Pflanzenseelen Botanik: Röntgenfotografie des Amerikaners Bryan Whitney

Wer sie versteht, braucht keinen grünen Daumen. Botanische Kenntnis hilft dem Gärtner bei der Arbeit. Mit den Mitteln der Röntgenfotografie macht der Amerikaner Bryan Whitney neben der inneren Schönheit auch den Bauplan der Gewächse sichtbar.

Botanik heißt das magische Wort. Im Augenblick hat es mehr Wert als Design in der Gartenwelt. Es ist zwar lange her, dass Pflanzensammler Herbariumsblätter als Sammelgut anlegten und sie für gutes Geld Liebhabern verkauften. Kaufleuten etwa, die sie um 1800 wie Kunst horteten und sich in ihrer Freizeit mit den Ordnungen des Pflanzenreiches vergnügten. Botanisieren war damals eine biedermeierliche Freude. Sie kehrt wieder – und das in gesteigerter Form. Der größte Reiz passionierter Gartenliebhaber ist der Aufbruch zu einer Pflanzenexpedition – rein in den Himalaja, hinauf in den Kaukasus und selber sehen, woher die Gartenpflanzen kommen. Welche Bedingungen, welche Pflanzenpartner sie in der Wildnis haben.

Doch Botanik ist Basiswerkzeug nicht nur für Supergärtner. Sie hilft zum Beispiel, Wucherndes zu verstehen und richtig anzupacken. Denn mit der gleichen Technik, mit der Bartiris im Lauf der Zeit Horste bilden, vermehrt sich der Giersch. Beide schieben sich mit Kriechtrieben, sogenannten Rhizomen, durch den Boden.

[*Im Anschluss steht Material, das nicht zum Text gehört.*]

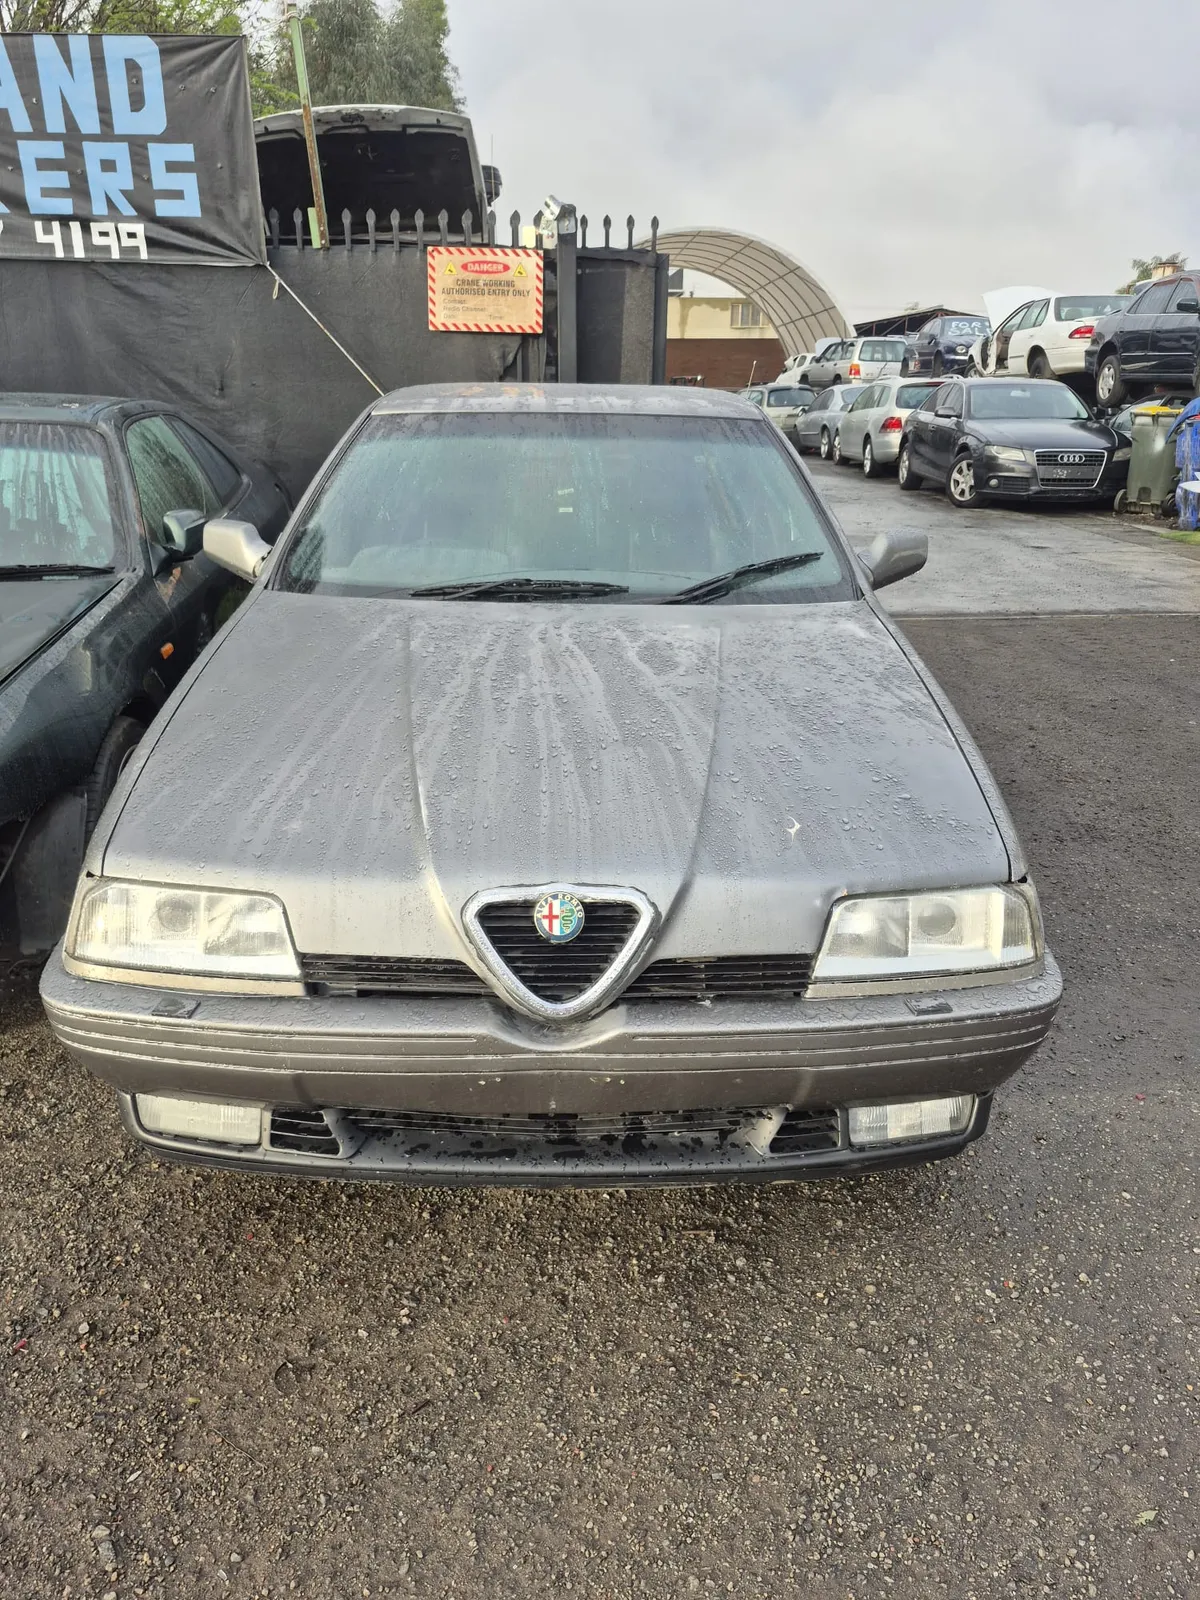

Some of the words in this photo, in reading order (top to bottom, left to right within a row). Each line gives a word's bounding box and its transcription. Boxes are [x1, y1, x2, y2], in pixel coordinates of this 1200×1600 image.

Rhizome gehören aber nicht zu den Wurzeln, sondern sind Teil der Sprossachse. Jedes Stückchen enthält den Bauplan fürs Ganze. Japanknöterich, Goldrute, Minzen, Bambus und Meerrettich nutzen die Strategie.Darum muss alles restlos aus dem Boden, wenn die Pflanze stört. Wer frisches Meerretticharoma nicht missen will und einen Hühnerkäfig hat, setzt ihn dorthinein. Das Federvieh hält die Pflanze im Zaum.

Botanik steckt auch in den Kurzinformationen der Beipackzettel von Samentüten aus dem Supermarkt. Beispiele sind Möhre oder Gelber Enzian. Wenn bei ihnen steht „An Ort und Stelle aussäen, später ausdünnen“, bedeutet das: Sämlinge lassen sich nicht umsetzen. Sie haben eine Pfahlwurzel. Und hinter den Befehlen „Volle Sonne, Halbschatten, Schatten“ verbirgt sich die Photosynthese. Denn Blätter sind Sonnenkollektoren, sie wandeln Licht in Energie um. Dabei filtern, schützen und dosieren sie: silberne Blätter vor zu viel Sonne, haarige Blätter vor der Verdunstung, ledrige Blätter vor dem Austrocknen. Die mit Dornen schützen vor Fraßfeinden ebenso wie vor streunenden Kötern. Mariendisteln mit silbrig-weiß gefleckten Blättern wären so ein pflanzlicher Sicherheitszaun, piksig und schön zugleich.